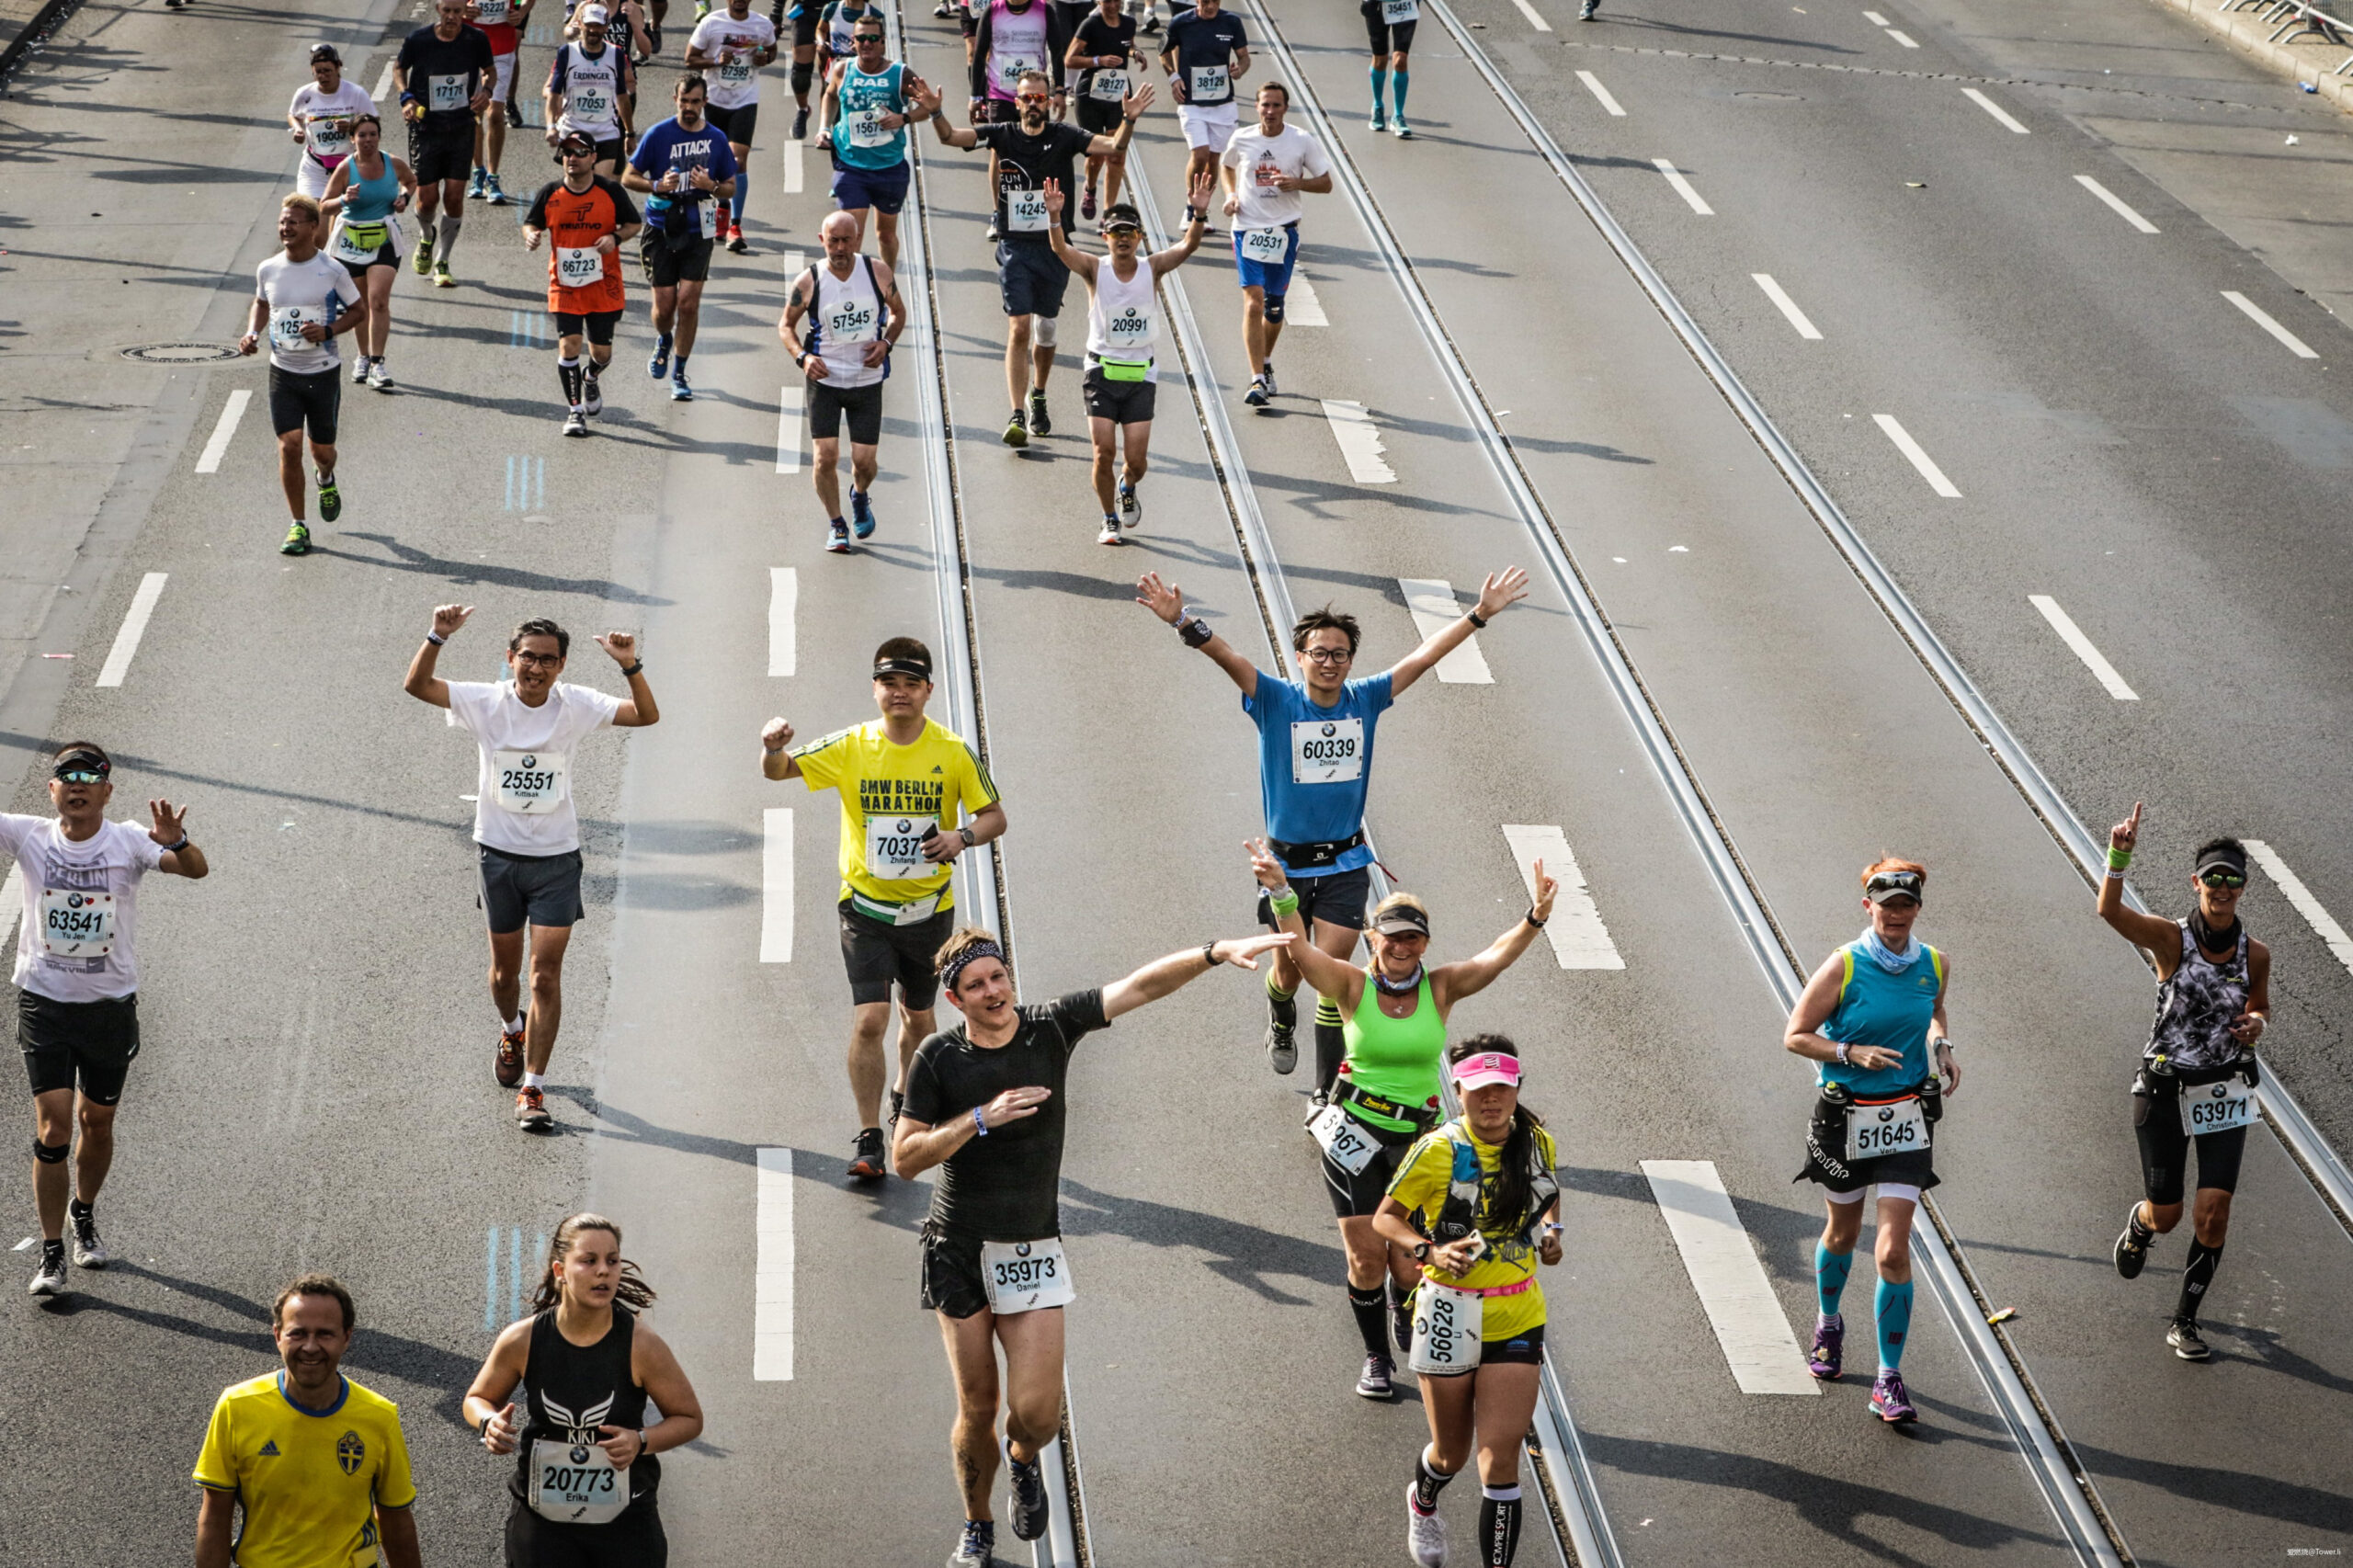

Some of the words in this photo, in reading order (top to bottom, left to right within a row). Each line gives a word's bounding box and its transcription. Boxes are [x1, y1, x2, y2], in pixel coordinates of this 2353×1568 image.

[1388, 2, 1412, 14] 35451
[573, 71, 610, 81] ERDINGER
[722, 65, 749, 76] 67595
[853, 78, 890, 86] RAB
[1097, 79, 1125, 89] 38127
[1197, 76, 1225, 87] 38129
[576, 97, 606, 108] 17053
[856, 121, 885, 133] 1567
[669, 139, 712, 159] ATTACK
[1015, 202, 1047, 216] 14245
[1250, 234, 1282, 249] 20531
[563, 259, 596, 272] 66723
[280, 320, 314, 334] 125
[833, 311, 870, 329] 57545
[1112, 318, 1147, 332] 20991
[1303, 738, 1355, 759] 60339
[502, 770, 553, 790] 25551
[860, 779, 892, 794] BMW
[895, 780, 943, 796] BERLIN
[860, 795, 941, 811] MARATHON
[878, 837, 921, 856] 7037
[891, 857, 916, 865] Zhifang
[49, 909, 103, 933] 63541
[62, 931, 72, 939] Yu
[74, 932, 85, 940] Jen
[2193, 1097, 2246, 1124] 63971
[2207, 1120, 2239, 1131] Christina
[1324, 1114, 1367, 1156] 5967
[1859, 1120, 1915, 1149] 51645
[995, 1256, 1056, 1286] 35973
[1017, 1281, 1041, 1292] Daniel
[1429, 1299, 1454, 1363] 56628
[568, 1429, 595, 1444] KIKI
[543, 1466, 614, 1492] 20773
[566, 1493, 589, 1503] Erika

··········

#### TASK REQUIREMENTS
Apart from the pictures, restate all of the listing above exactly.

#### EXERCISE SOLUTION
Some of the words in this photo, in reading order (top to bottom, left to right within a row). Each line gives a word's bounding box and its transcription. Boxes are [x1, y1, x2, y2], in pixel coordinates of this 2353×1568 image.

[1388, 2, 1412, 14] 35451
[573, 71, 610, 81] ERDINGER
[722, 65, 749, 76] 67595
[853, 78, 890, 86] RAB
[1097, 79, 1125, 89] 38127
[1197, 76, 1225, 87] 38129
[576, 97, 606, 108] 17053
[856, 121, 885, 133] 1567
[669, 139, 712, 159] ATTACK
[1015, 202, 1047, 216] 14245
[1250, 234, 1282, 249] 20531
[563, 259, 596, 272] 66723
[280, 320, 314, 334] 125
[833, 311, 870, 329] 57545
[1112, 318, 1147, 332] 20991
[1303, 738, 1355, 759] 60339
[502, 770, 553, 790] 25551
[860, 779, 892, 794] BMW
[895, 780, 943, 796] BERLIN
[860, 795, 941, 811] MARATHON
[878, 837, 921, 856] 7037
[891, 857, 916, 865] Zhifang
[49, 909, 103, 933] 63541
[62, 931, 72, 939] Yu
[74, 932, 85, 940] Jen
[2193, 1097, 2246, 1124] 63971
[2207, 1120, 2239, 1131] Christina
[1324, 1114, 1367, 1156] 5967
[1859, 1120, 1915, 1149] 51645
[995, 1256, 1056, 1286] 35973
[1017, 1281, 1041, 1292] Daniel
[1429, 1299, 1454, 1363] 56628
[568, 1429, 595, 1444] KIKI
[543, 1466, 614, 1492] 20773
[566, 1493, 589, 1503] Erika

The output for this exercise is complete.